Siyah saçlı ve üzeri kısmen temiz olan çocuk eğildi ve diğerlerine bağırdı "Millet, adamımız burada!"

Diğer ikisi de eğilip bana baktılar, gözlerimden yaşlar süzülüyordu.

Koltuğu kaldırdılar ve yukarıdan bana baktılar. Korkum iyice artmıştı. Tanrım, yardım et..

Ayağa kalktım ve korktuğumu pek belli etmemek için "Ne istiyorsunuz ucubeler ?" dedim.
Dışarıdan bir kahkaha sesi duyuldu.

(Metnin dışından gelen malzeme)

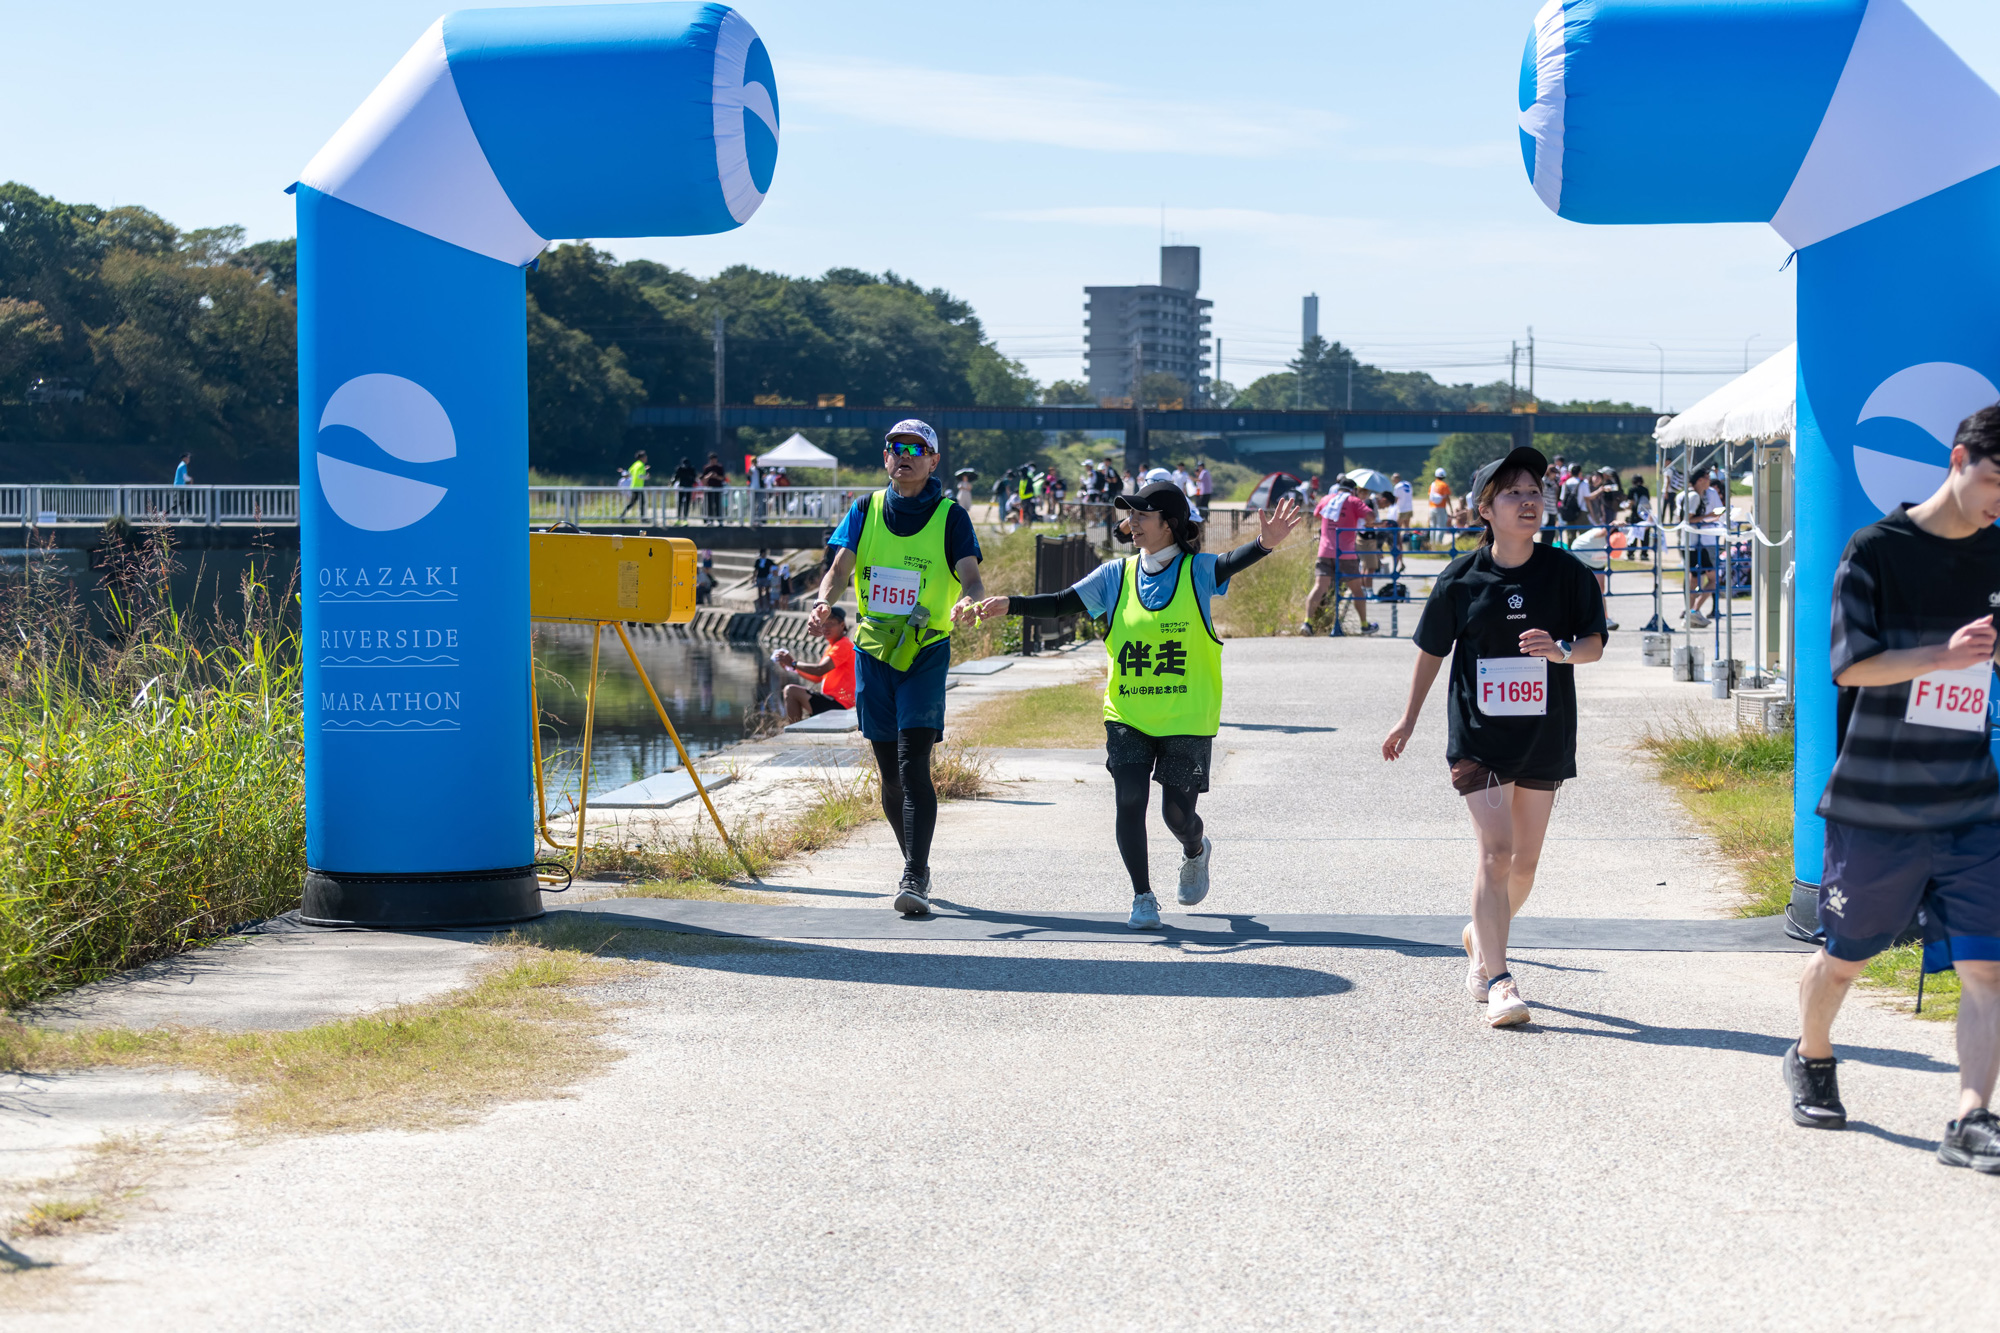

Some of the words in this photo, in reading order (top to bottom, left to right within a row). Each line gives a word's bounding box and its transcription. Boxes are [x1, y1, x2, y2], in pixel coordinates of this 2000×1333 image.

Gelen kişi sabah gördüğüm medyum tipli kadındı.
Çifte lanet olsun!

Dengemi kaybedip yere düştüm, hepsi hizama eğildiler ve bir anda "Neden ?" diye bağırmaya başladılar.
Neler oluyor ?

Medyum tipli kadın konuşmaya başladı.

Elena Portlan, beni neden ihbar ettin ? "

Sarışın kız gözlerimin içine bakıp " Neden Wayne'i ayarttın ? "

Esmer ve kalbinde kurşun izi olan kız " Neden polis baskınında beni sattın ? " dedi.
Denilenlerden hiçbir şey anlamıyordum, bunlar da kimdi ?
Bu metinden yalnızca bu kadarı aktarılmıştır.